I’m just going to flat out ask this: What the hell is it with people who insist on adding the “Cha-cha-cha” to the birthday song? Don’t piss me off! You know exactly who I’m talking about.
Recently, I was at a birthday party for a small boy child and the time came to embarrass the shit out of him by shutting off the lights, shoving a burning dessert in his face, and screeching at him. Everything was going exactly as planned until we got to the first “you” of the song. While the human beings familiar with this custom were drawing breath to get ready for the next line of time-honored tradition, some lady filled that silence with a defiant “CHA CHA CHA!”
For some reason, it’s always a woman. An old, angry, grim-set woman. And always only one. And she always sits right next to the birthday child—angling for a spot in the birthday video, I assume.
Now after punching American culture right in the face, she’s outed. You’d think we’d stop the ceremony at this point and eject her forcefully. I mean she must want that, right? Like throwing a shoe at a President, this is some form of protest. She must be expecting—even craving—retaliation.
But no. People keep on plodding along. After all, they drew that breath during the pause—might as well wrap some “Happy Birthday” around it and send it into the terrified child’s ear.
When we get to the second “you” and the next assault of “CHA CHA CHA!” we can all be sure that the first batch wasn’t a goddamn fluke. She wasn’t choking on a mint or something. She totally meant it.
Whether she has some agenda—maybe indoctrinating this child into some cha-cha-cha preference cult—we may never know. But she is going to cha cha cha us through this song at every opportunity. And when we’re done, she’s going to have this look on her face, like she’s awfully pleased with herself for cramming cha-cha-chas into another child’s ears.
So, what is it with these people?

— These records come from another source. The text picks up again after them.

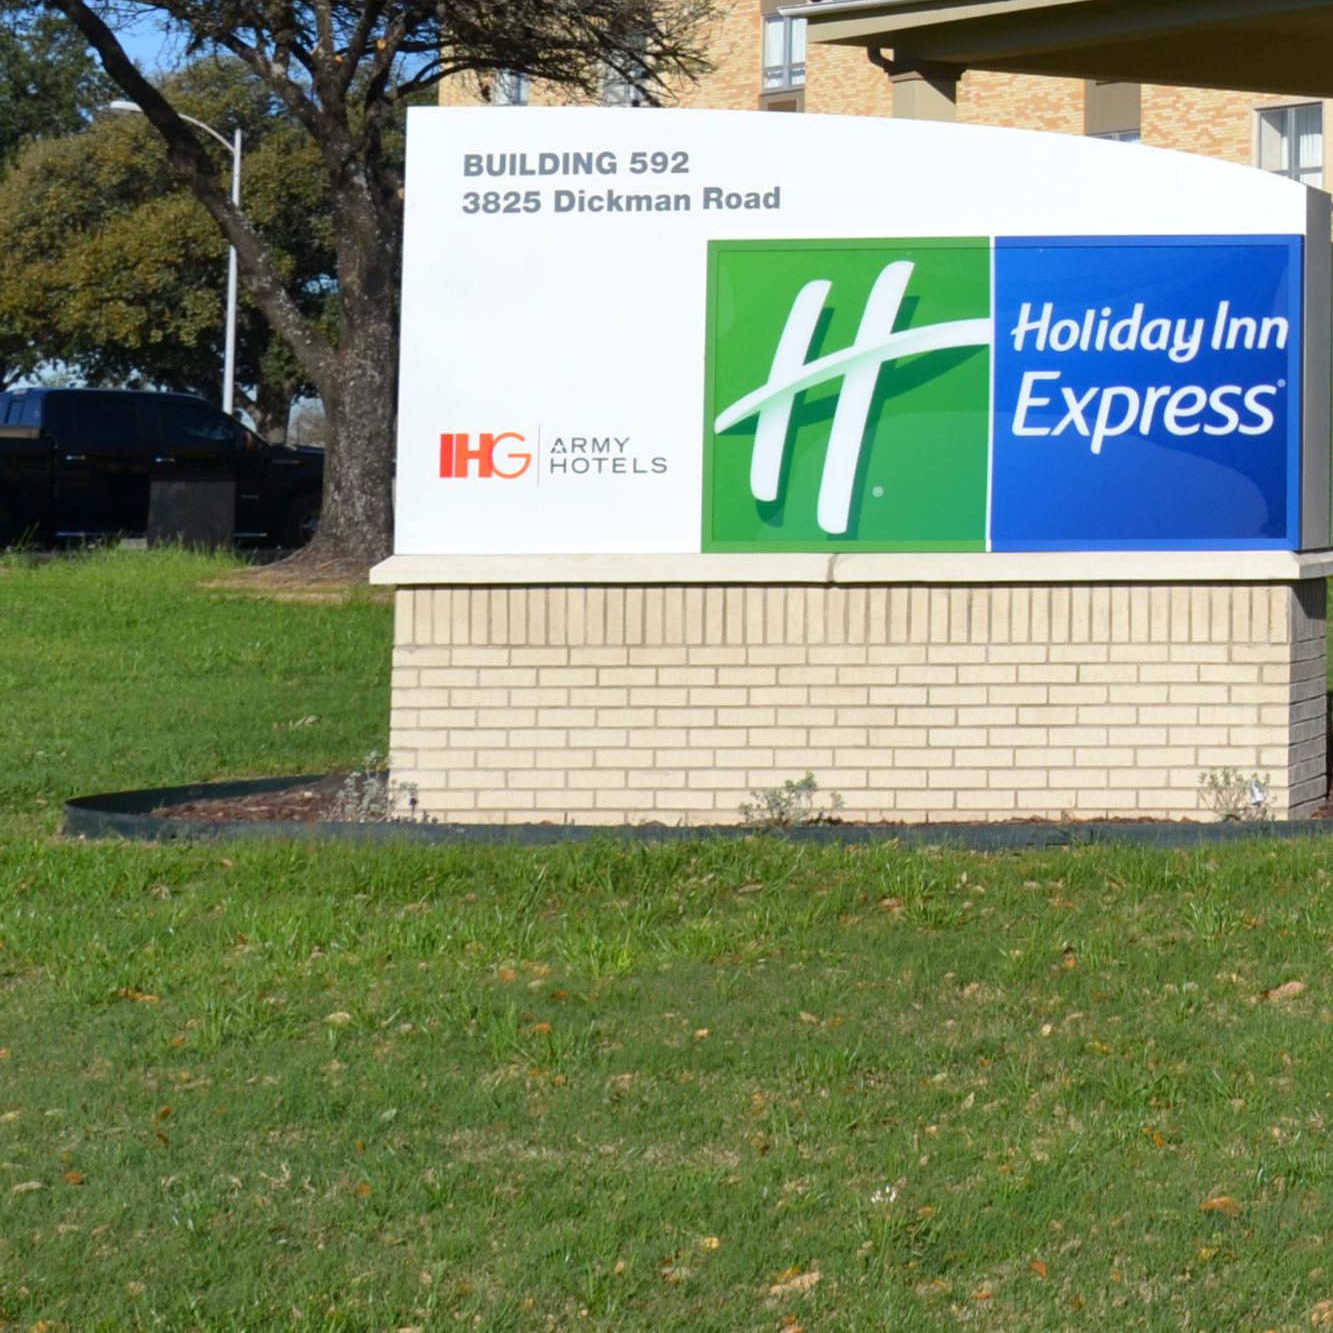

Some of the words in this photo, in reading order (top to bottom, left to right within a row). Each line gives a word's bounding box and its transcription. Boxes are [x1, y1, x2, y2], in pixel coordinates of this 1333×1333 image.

[463, 151, 618, 177] BUILDING
[629, 150, 690, 175] 592
[461, 190, 542, 215] 3825
[554, 188, 691, 213] Dickman
[702, 185, 781, 210] Road
[1011, 302, 1204, 363] Holiday
[1211, 300, 1289, 350] Inn
[439, 431, 532, 479] IHG
[550, 437, 630, 454] ARMY
[550, 456, 668, 475] HOTELS

They don’t ask permission beforehand. There’s no “Hey, is this a “cha-cha-cha’ family or what?” conversation. They just plant themselves and pounce. Is there a family where everyone cha-cha-chas? Then they should get their asses over there.
This has yet to happen at a birthday party for one of my kids. If it did, the shit would be over cha-cha-immediately.
Our ancestors met and agreed upon the words at some meeting ages ago. It was settled. Enough with the goddamn cha-cha-chas.